A new bisepoxylignan dendranlignan A isolated from Chrysanthemum Flower inhibits the production of inflammatory mediators via the TLR4 pathway in LPS-induced H9c2 cardiomyocytes

Abstract

A new bisepoxylignan dendranlignan A (A1) and the known compound lantibeside D (D2) was isolated from Chrysanthemum Flower, the dried capitulum of Dendranthema morifolium (Ramat.) kitam. Their structures were determined on the basis of extensive spectroscopic methods, including 1D-NMR, 2D-NMR and MS data. Additionally, A1 and D2 were evaluated for their effects on the production of inflammatory mediators in H9c2 cardiomyocytes stimulated with lipopolysaccharide (LPS). Results demonstrated that A1 and D2 decreased LPS-induced production of inflammatory cytokines TNF-α, IL-2 and IFN-γ in H9c2 cells.
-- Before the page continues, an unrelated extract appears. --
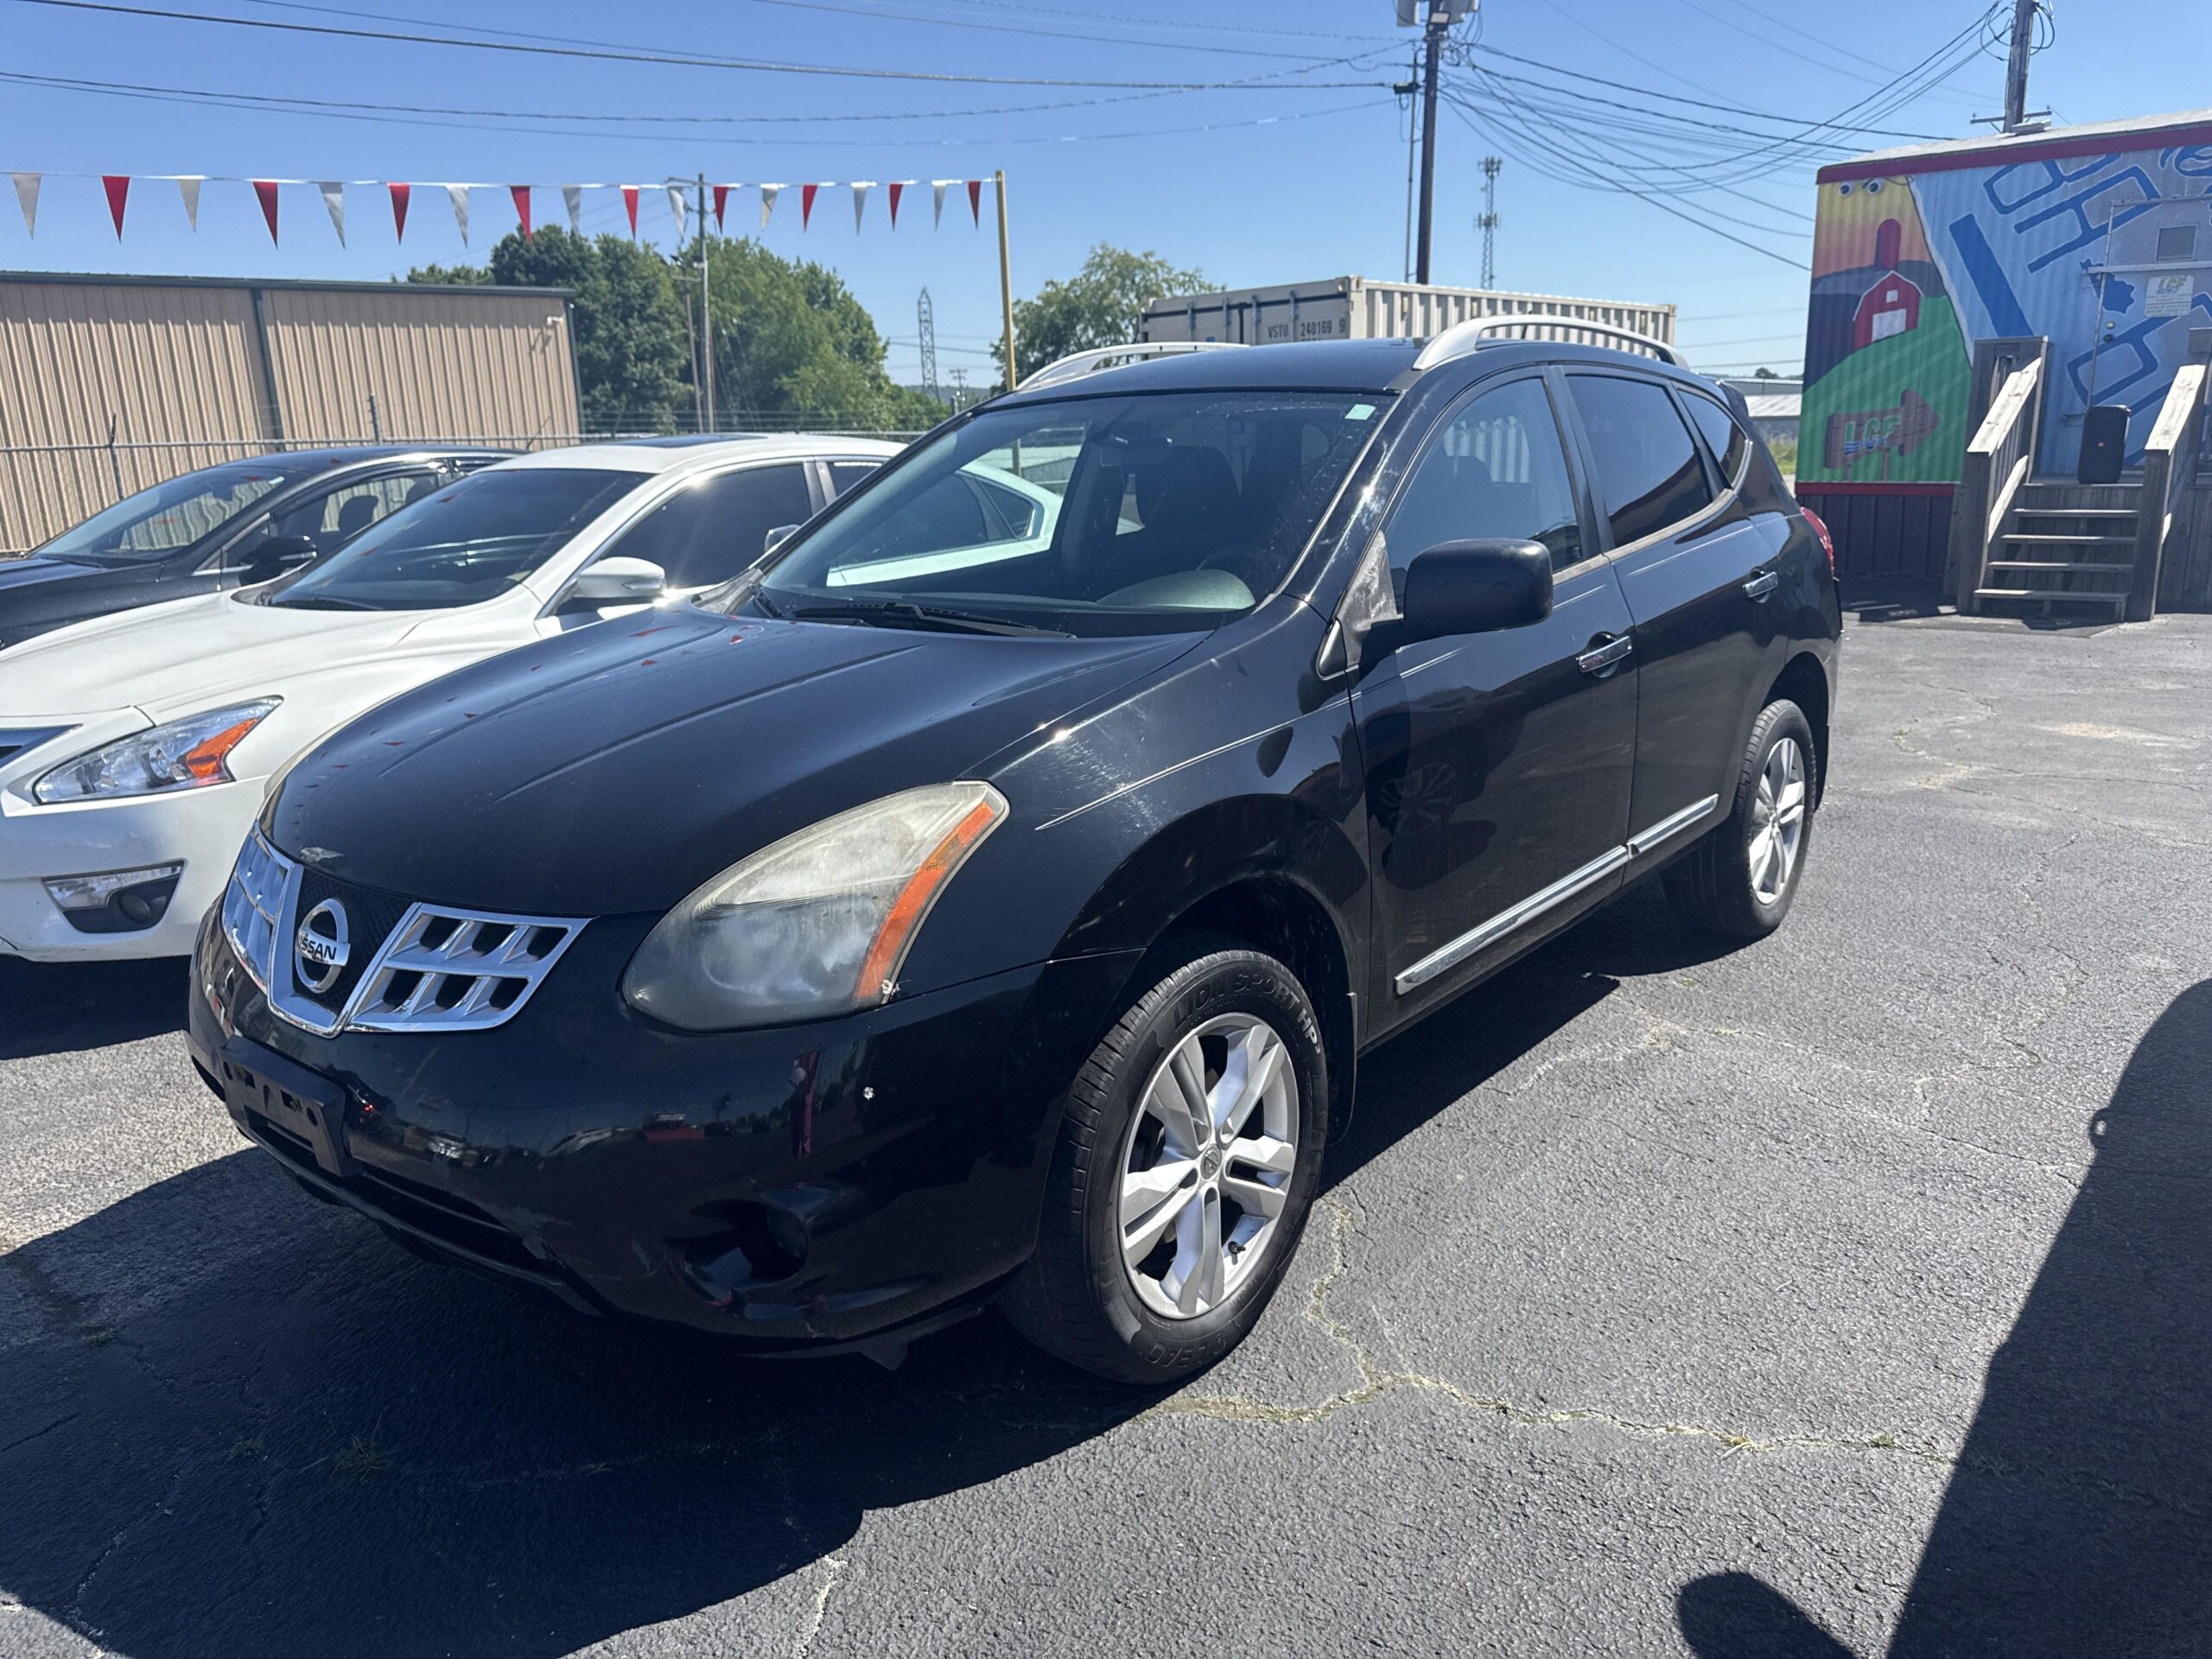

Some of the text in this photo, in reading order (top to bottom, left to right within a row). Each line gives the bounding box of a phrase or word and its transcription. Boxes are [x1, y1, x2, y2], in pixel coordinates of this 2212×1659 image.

Both compounds also decreased the nuclear localization of c-JUN, p-P65 and p-IRF3, but did not affect the level of TLR4. Molecular docking indicated that A1 and D2 occupied the ligand binding sites of TLR4-MD2. In the present study, we for the first time discovered a new bisepoxylignan compound A1, and found that this compound has a potential to inhibit inflammation by inhibiting TLR4 signaling.